Labor

Labor Shorts

Labor Shorts is a regular column digesting recent labor news (compiled this week by Mike Kolhoff and Steve Fake)

Wisconsin

Since the first teacher sick-ins in mid-February, in response to Gov. Scott Walker’s union-gutting state budget bill, events in Wisconsin have galvanized the left across the nation. It is without question, the most significant story of labor resistance in the U.S. since the December 2008 occupation of the Chicago-based Republic Windows & Doors.

Mass rallies in Madison have drawn workers and students from all over the state and well beyond.

Of no small symbolic significance, the capitol building itself was occupied for a number of days, despite official attempts to seal off the building. Labor Notes reports on the wonderful imagery accompanying an attempt to resupply the protesters still on the inside after the lockout: “Firefighters… broke through the police blockade Tuesday afternoon, as 20 marched into the Capitol in their full gear, led by bagpipers.” Meanwhile, “Thousands are still massing outside the statehouse, testifying on a microphone set up by the Bricklayers. The anger of participants grew as they remained shut out of the statehouse.”

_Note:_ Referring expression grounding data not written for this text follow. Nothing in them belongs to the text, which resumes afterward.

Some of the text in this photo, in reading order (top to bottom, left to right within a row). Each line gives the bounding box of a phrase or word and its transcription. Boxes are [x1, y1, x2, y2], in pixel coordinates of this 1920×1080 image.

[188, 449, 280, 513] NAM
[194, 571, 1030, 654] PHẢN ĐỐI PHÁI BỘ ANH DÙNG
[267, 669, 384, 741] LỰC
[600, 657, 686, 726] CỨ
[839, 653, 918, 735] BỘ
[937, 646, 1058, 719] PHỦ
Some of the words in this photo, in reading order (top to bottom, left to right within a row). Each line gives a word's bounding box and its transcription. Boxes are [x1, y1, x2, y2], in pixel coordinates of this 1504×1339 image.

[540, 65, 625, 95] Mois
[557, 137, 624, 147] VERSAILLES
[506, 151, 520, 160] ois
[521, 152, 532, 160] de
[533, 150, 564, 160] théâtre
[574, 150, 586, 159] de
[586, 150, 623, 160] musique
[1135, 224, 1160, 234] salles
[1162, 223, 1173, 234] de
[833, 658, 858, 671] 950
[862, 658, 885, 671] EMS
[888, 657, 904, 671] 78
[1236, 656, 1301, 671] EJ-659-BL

Yet the union leadership indicated its willingness to concede to Gov. Walker’s financial demands, only drawing a line at those aspects of the bill that would directly harm them – namely, the right to collectively bargain and the preservation of automatic dues deductions. The latter ensures the security of union budgets but also tends to permit union bureaucracies to be less accountable to membership.

It is far from clear if union leadership is willing to use all of its leverage available to win this fight. Will a general strike be seriously pursued, or will the Governor’s legislation, passed on Thursday, March 10th, be permitted to stand?

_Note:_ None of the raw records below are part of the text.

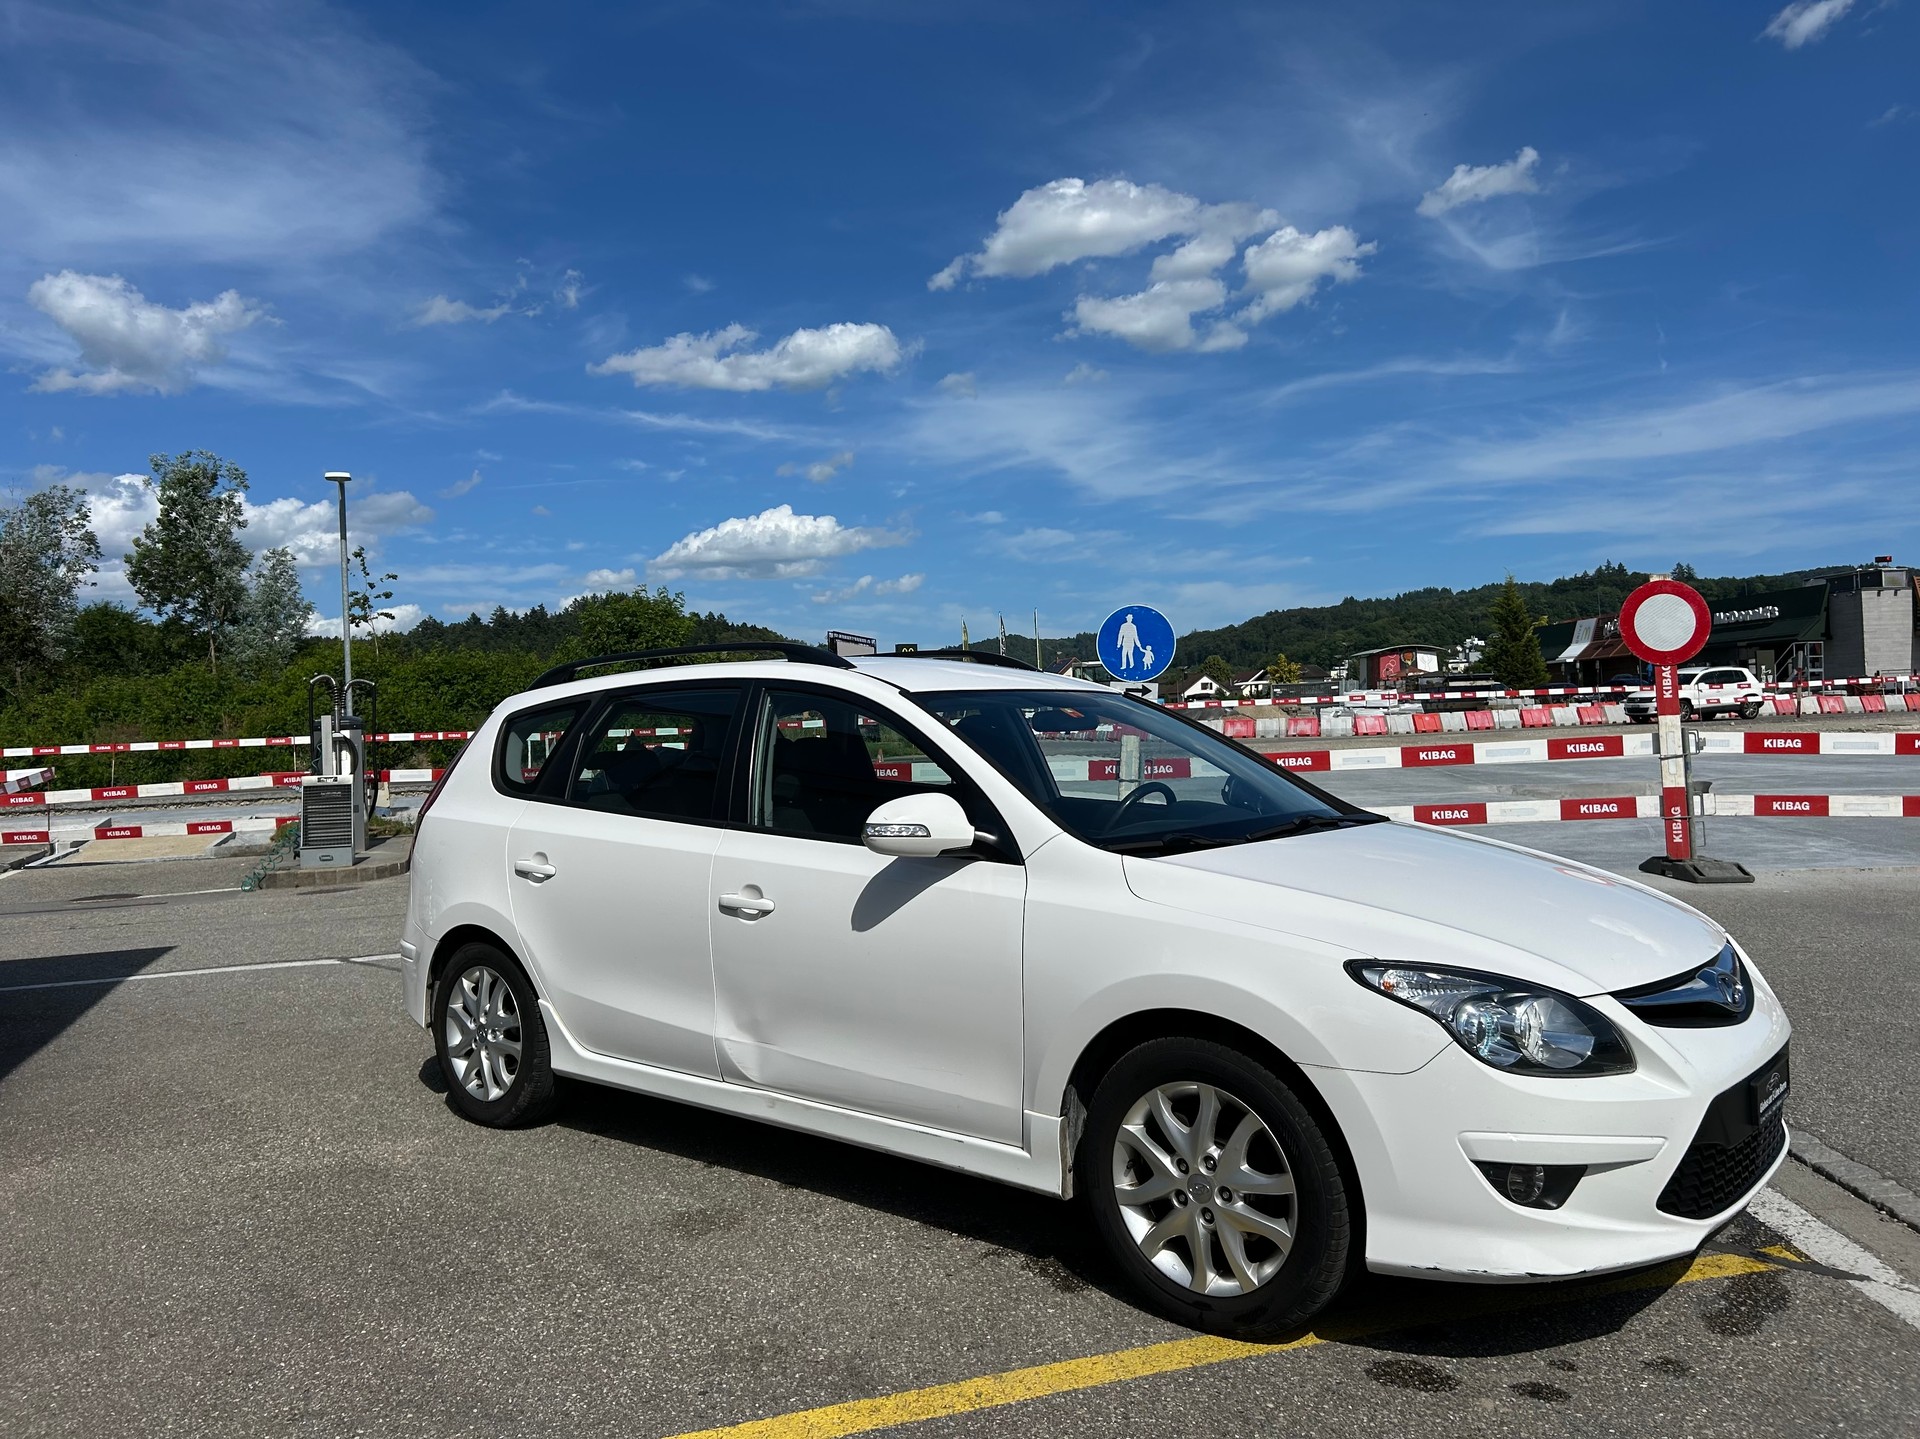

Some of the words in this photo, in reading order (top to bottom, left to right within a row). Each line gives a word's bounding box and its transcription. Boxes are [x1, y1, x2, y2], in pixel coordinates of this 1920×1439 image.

[1566, 742, 1605, 753] KIBAG
[1763, 738, 1802, 748] KIBAG
[1419, 750, 1456, 760] KIBAG
[1276, 757, 1312, 767] KIBAG
[875, 768, 898, 777] IBAG
[1580, 804, 1618, 814] KIBAG
[1772, 801, 1810, 811] KIBAG
[1431, 809, 1469, 819] KIBAG

The Socialist Worker gives further details on the meekness of the union leadership:

“After the vast February 26 rally, top union officials suddenly took a low profile. The daily noontime labor rallies ceased. And when Walker made his budget proposal in the Capitol on the afternoon of March 1, there was no formal labor rally.

Fortunately, the University of Wisconsin graduate employees union, the Teaching Assistants Association (TAA), brought along a sound system and organized an open mic used by a range of union students, teachers, firefighters and others to sound off about why they were determined to keep up the fight. ….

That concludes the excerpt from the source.